In the modern Western culture, only a limited number of individuals actually care about the mentally ill and their special needs (Huxter 2013:740). This is why most of these people actually end up in prisons instead of mental facilities. Basically, the mentally ill are being treated just like criminals, despite the main issue here being their health. No one wants to be associated with ensuring they get the health care they need.
The legislations and policies are ways that the government is using to ensure that all human beings are treated equally, with their rights being respected despite their mental and physical condition. This, however, is being limited by the fact that the society is still stuck to an outdated way of viewing the conditions of special needs individuals, mainly because of the modern Western culture. The legislation and policies play an important role in controlling negative behaviors and attitudes from the society so as to offer protection for the special needs individuals.

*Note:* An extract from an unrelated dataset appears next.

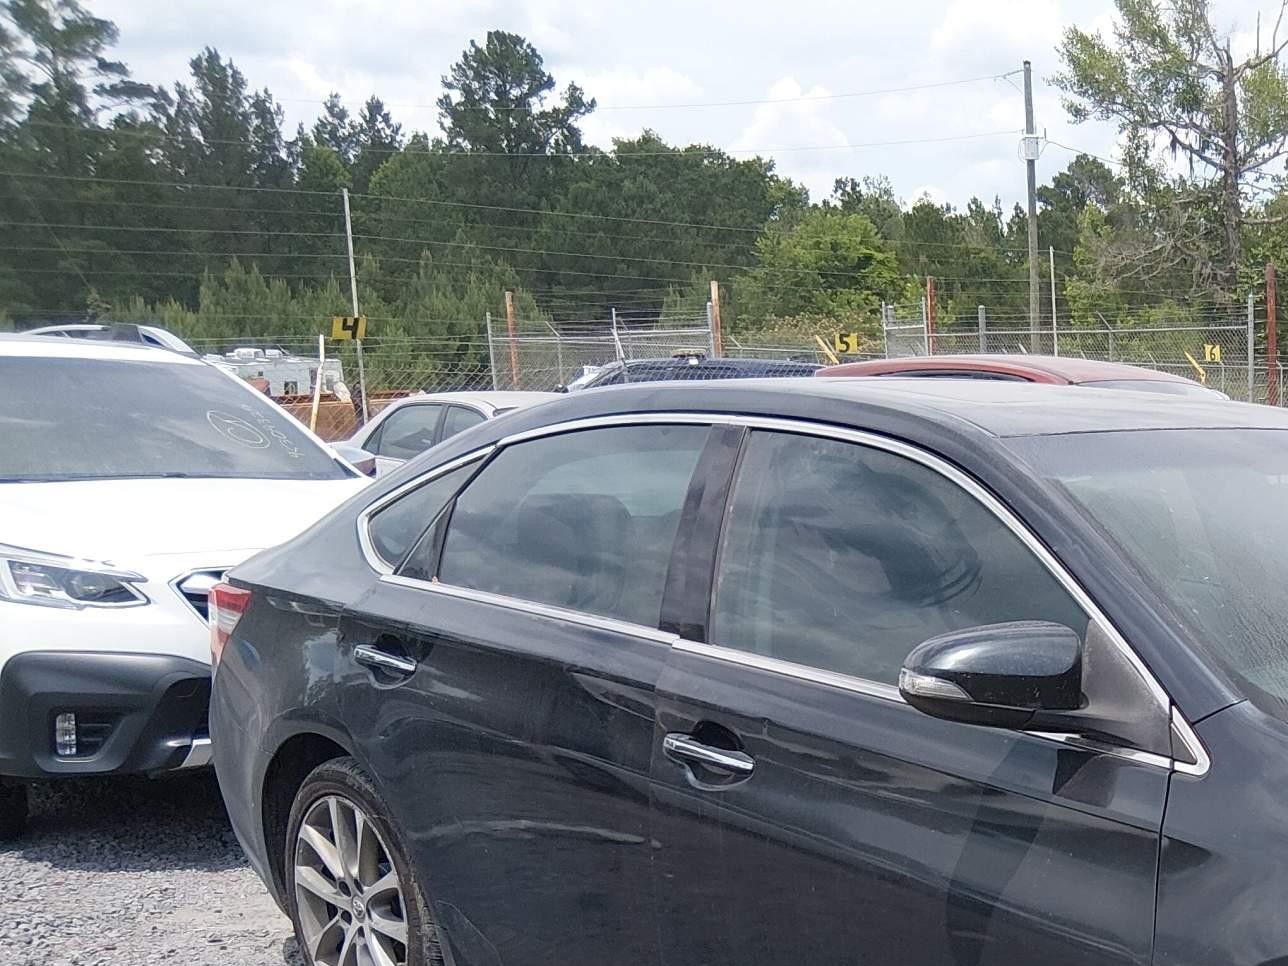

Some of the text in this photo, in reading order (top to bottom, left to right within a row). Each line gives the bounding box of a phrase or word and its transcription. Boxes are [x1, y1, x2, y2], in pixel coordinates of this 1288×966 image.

[342, 317, 360, 340] 4
[838, 333, 851, 353] 5
[1209, 345, 1217, 362] 6
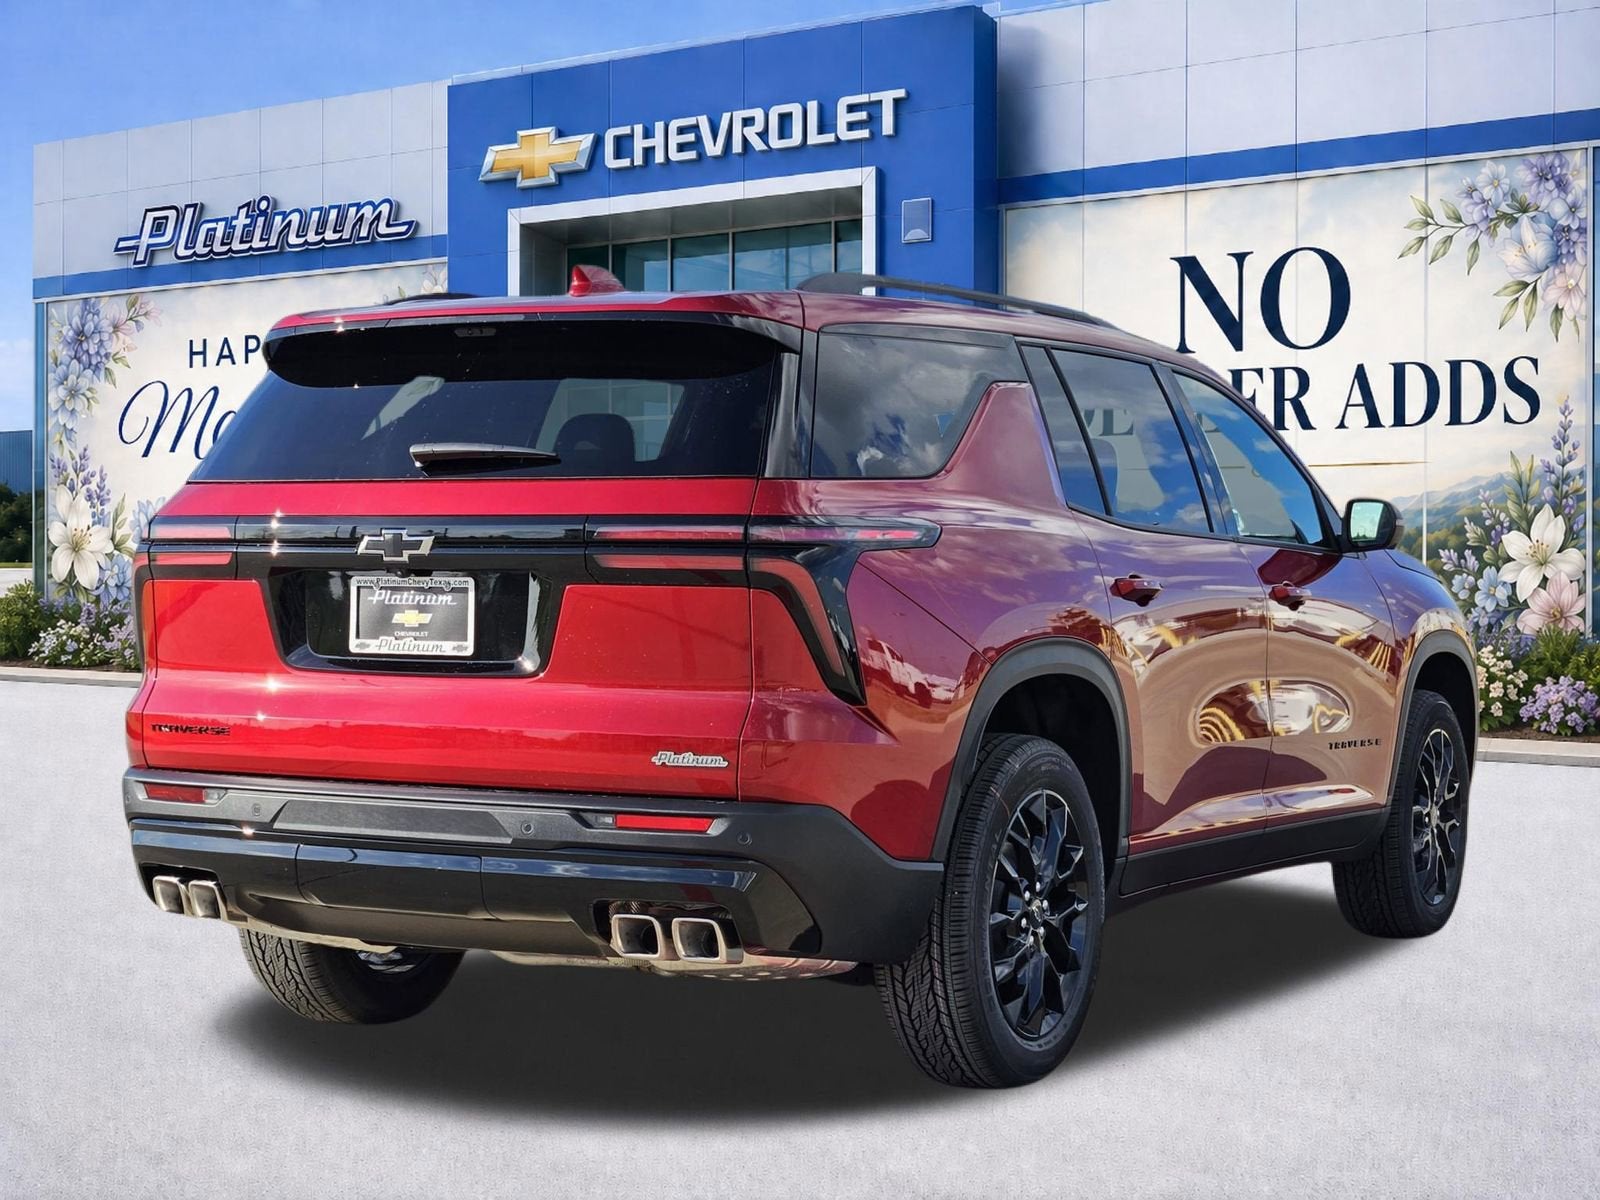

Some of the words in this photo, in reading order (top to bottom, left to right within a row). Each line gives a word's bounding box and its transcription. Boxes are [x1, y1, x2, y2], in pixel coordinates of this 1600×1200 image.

Griffith, R, & Tengnah, C 2010, ‘The Health and Social Care Act 2008’, British Journal of Community Nursing, vol. 15, no. 12, pp. 598-602.
Huxter, MJ 2013, ‘Prisons: the psychiatric institution of last resort?’, Journal of Psychiatric & Mental Health Nursing, vol. 20, no. 8, pp. 735-743. Available from: 10.1111/jpm.12010. [19 February 2015].
Roberts, A, Townsend, S, Morris, J, Rushbrooke, E, Greenhill, B, Whitehead, R, Matthews, T, & Golding, L 2013, ‘Treat me Right, Treat me Equal: Using National Policy and Legislation to Create Positive Changes in Local Health Services for People with Intellectual Disabilities’, Journal of Applied Research in Intellectual Disabilities, vol. 26, no. 1, pp. 14-25. Available from: 10.1111/jar.12009. [19 February 2015].